Document Schema in Textended
Textended is a projectional editor. This far, the core representation has been a tree. Every file is accompanied by a header, and then follows a forest consisting of the primitives:
- A Labelled list
- A Labelled string or binary blob
- A Label, a symbol.
This is also the document model once the file has been read in, and it can be directly edited by the user. This means the document can represent large amount of constructs not valid in any language. To interpret or layout the constructs to the screen, we need to read the construct.
You could read the above lists in directly and interpret or construct a layout from them. It is impractical for several reasons:
- You end up with big if/elif/else -blocks, to extend the language you have to implement something like lisp macros.
- If the document isn't valid in your language, the layouting will require a fallback you have to code in yourself.
- It is hard to construct a parser for the language from a definition consisting of python functions.

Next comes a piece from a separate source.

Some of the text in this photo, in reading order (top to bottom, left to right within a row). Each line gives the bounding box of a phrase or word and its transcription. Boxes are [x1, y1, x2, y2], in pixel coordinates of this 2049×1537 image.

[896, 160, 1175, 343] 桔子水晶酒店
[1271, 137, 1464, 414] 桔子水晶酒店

While coding in my editor, I realised that layouter falling to fallback is tressful and confusing. It gives an impression that the code changed unpredictably, even if what you did was a small change. Fallback layouts should be rare sights during programming sessions. For this reason every language construct should be identifiable without it's context.

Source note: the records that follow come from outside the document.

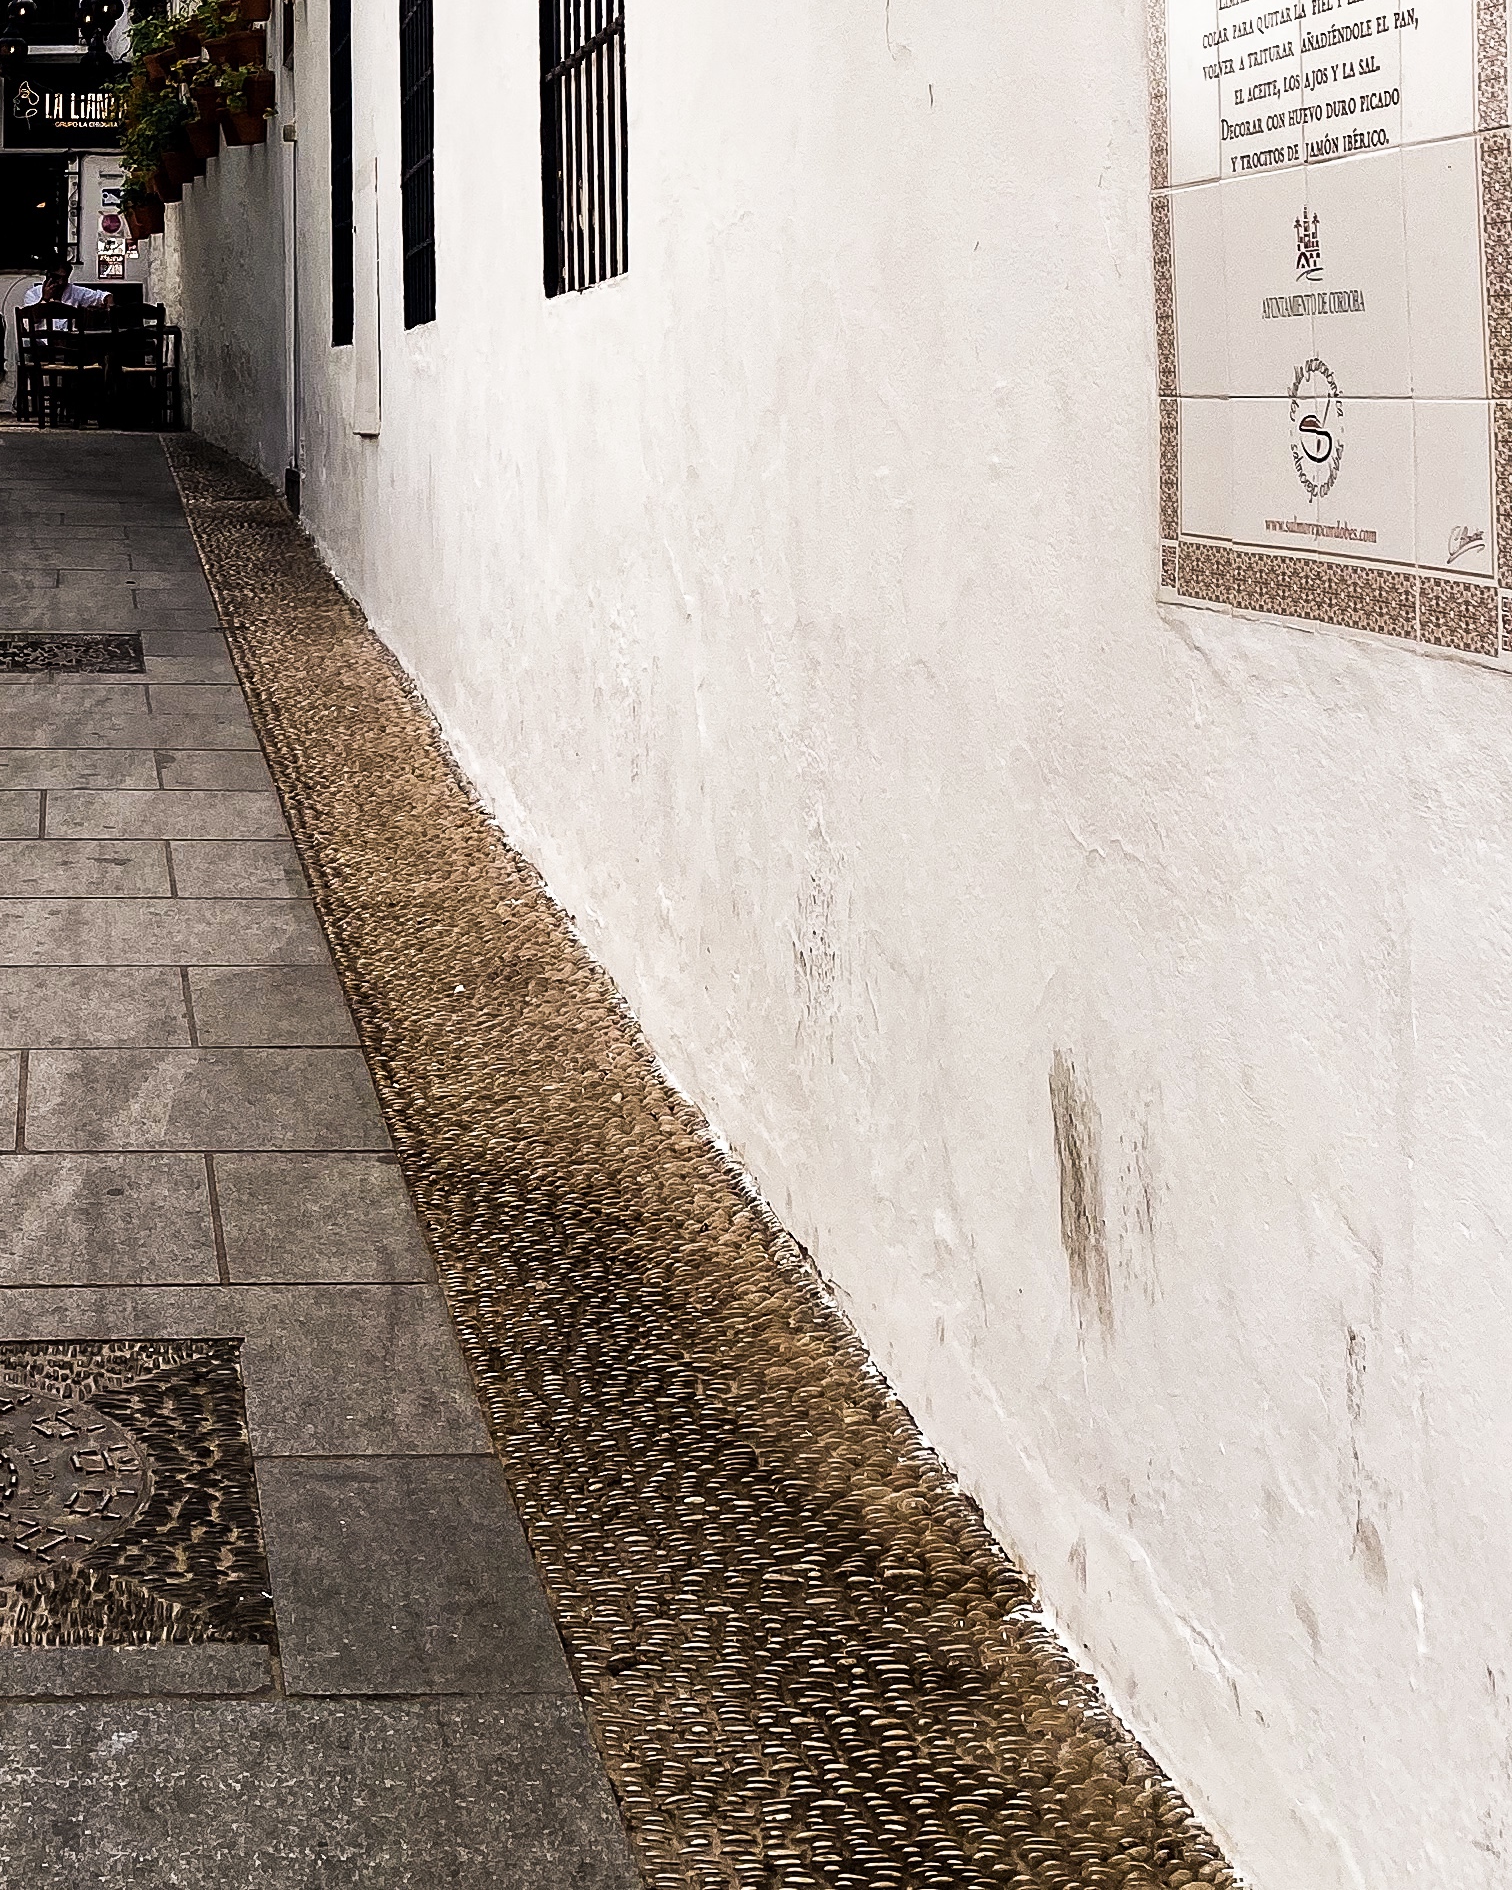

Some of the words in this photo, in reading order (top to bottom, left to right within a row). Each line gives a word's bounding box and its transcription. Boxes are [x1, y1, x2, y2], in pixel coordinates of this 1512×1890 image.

[1202, 28, 1229, 49] COLAR
[1232, 19, 1254, 39] PARA
[1257, 7, 1292, 34] QUITAR
[1294, 4, 1306, 21] LA
[1202, 59, 1235, 81] VOLVER
[1239, 55, 1245, 70] A
[1248, 41, 1294, 68] TRITURAR
[1300, 20, 1372, 53] AÑADIÉNDOLE
[1376, 16, 1389, 34] EL
[1393, 8, 1418, 30] PAN,
[1234, 88, 1244, 105] EL
[1247, 80, 1280, 100] ACEITE,
[1283, 74, 1300, 92] LOS
[1304, 67, 1328, 91] AJOS
[1331, 64, 1338, 82] Y
[1343, 62, 1355, 79] LA
[1359, 56, 1380, 75] SAL.
[45, 93, 63, 119] LA
[1221, 118, 1264, 141] DECORAR
[1267, 112, 1285, 131] CON
[1288, 105, 1322, 126] HUEVO
[1326, 98, 1356, 119] DURO
[1360, 88, 1399, 112] PICADO
[1231, 155, 1237, 172] Y
[1240, 147, 1284, 170] TROCITOS
[1287, 144, 1299, 161] DE
[1304, 133, 1338, 163] JAMÓN
[1343, 128, 1389, 152] IBÉRICO.

I designed schemas that resemble Context-Free Grammars. Every recognizable rule must be labelled, additionally those rules must end up with context markers or match to primitives. It pivots around the following method:
result = schema.recognize(node)
If the node validates against the schema, you can apply the returned rule to interpret or layout the construct:
data = result.build(function, node)
The given function is produced to populate the returned structure. It's function signature is:
function(slot, node) -> value
The schemas are stored as textended files. To bootstrap it there's a schema describing the schemas, constructed within a python script.
Existing treepython programs cannot be described in the new schema, so I have to discard or translate them. Writing code in treepython was not very fast, so it won't take long to rewrite those files for the new schema by hand. The reason for this is because I took an advantage from the CFG. The old treepython declaration could be described like this:
stmt -> :def name arguments stmt*
Now it can be described like this:
stmt -> :def name (argument*) (stmt*)
Since the user is less affected by the actual structure of the code, I no longer hold variable sized lists that have a prefix. It is more convenient like this.
It is unlikely this schema changes a lot. More primitive or fundamental my code construct are, less there seem to be a reason to change them. My schema is a CFG defined over the leaves of the document. Could it get simpler than that?